WHAT YOU NEED TO DO >> Each entry must be restated word for word.

PROVIDED DATA >>
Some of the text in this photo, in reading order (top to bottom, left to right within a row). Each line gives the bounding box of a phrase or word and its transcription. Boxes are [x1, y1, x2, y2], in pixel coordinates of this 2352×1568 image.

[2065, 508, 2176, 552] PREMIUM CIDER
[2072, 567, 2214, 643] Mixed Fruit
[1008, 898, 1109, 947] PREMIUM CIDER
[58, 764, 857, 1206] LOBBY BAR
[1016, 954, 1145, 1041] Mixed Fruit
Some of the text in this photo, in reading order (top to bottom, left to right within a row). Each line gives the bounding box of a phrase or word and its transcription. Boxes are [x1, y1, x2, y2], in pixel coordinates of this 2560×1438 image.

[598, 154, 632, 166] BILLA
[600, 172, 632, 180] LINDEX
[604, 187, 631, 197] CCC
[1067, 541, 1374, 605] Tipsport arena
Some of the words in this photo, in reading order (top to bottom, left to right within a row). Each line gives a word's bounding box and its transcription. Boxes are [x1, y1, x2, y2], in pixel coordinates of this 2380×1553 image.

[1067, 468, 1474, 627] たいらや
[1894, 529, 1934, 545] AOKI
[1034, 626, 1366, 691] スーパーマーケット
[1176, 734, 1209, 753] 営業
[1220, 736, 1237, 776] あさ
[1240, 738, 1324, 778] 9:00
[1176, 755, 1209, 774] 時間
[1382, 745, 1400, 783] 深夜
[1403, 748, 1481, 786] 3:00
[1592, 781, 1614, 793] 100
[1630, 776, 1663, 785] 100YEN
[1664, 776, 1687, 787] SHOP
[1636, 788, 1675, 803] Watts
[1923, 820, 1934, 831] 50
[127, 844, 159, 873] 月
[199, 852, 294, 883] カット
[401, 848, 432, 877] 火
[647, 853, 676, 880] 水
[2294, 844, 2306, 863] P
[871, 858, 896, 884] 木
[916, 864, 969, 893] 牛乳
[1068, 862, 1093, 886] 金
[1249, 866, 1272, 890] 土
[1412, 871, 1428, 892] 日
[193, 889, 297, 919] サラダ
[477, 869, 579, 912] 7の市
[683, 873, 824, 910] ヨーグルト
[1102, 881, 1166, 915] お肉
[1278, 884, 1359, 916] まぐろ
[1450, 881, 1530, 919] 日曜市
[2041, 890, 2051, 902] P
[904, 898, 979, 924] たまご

TASK OUTPUT >>
Some of the text in this photo, in reading order (top to bottom, left to right within a row). Each line gives the bounding box of a phrase or word and its transcription. Boxes are [x1, y1, x2, y2], in pixel coordinates of this 2352×1568 image.

[2065, 508, 2176, 552] PREMIUM CIDER
[2072, 567, 2214, 643] Mixed Fruit
[1008, 898, 1109, 947] PREMIUM CIDER
[58, 764, 857, 1206] LOBBY BAR
[1016, 954, 1145, 1041] Mixed Fruit
Some of the text in this photo, in reading order (top to bottom, left to right within a row). Each line gives the bounding box of a phrase or word and its transcription. Boxes are [x1, y1, x2, y2], in pixel coordinates of this 2560×1438 image.

[598, 154, 632, 166] BILLA
[600, 172, 632, 180] LINDEX
[604, 187, 631, 197] CCC
[1067, 541, 1374, 605] Tipsport arena
Some of the words in this photo, in reading order (top to bottom, left to right within a row). Each line gives a word's bounding box and its transcription. Boxes are [x1, y1, x2, y2], in pixel coordinates of this 2380×1553 image.

[1067, 468, 1474, 627] たいらや
[1894, 529, 1934, 545] AOKI
[1034, 626, 1366, 691] スーパーマーケット
[1176, 734, 1209, 753] 営業
[1220, 736, 1237, 776] あさ
[1240, 738, 1324, 778] 9:00
[1176, 755, 1209, 774] 時間
[1382, 745, 1400, 783] 深夜
[1403, 748, 1481, 786] 3:00
[1592, 781, 1614, 793] 100
[1630, 776, 1663, 785] 100YEN
[1664, 776, 1687, 787] SHOP
[1636, 788, 1675, 803] Watts
[1923, 820, 1934, 831] 50
[127, 844, 159, 873] 月
[199, 852, 294, 883] カット
[401, 848, 432, 877] 火
[647, 853, 676, 880] 水
[2294, 844, 2306, 863] P
[871, 858, 896, 884] 木
[916, 864, 969, 893] 牛乳
[1068, 862, 1093, 886] 金
[1249, 866, 1272, 890] 土
[1412, 871, 1428, 892] 日
[193, 889, 297, 919] サラダ
[477, 869, 579, 912] 7の市
[683, 873, 824, 910] ヨーグルト
[1102, 881, 1166, 915] お肉
[1278, 884, 1359, 916] まぐろ
[1450, 881, 1530, 919] 日曜市
[2041, 890, 2051, 902] P
[904, 898, 979, 924] たまご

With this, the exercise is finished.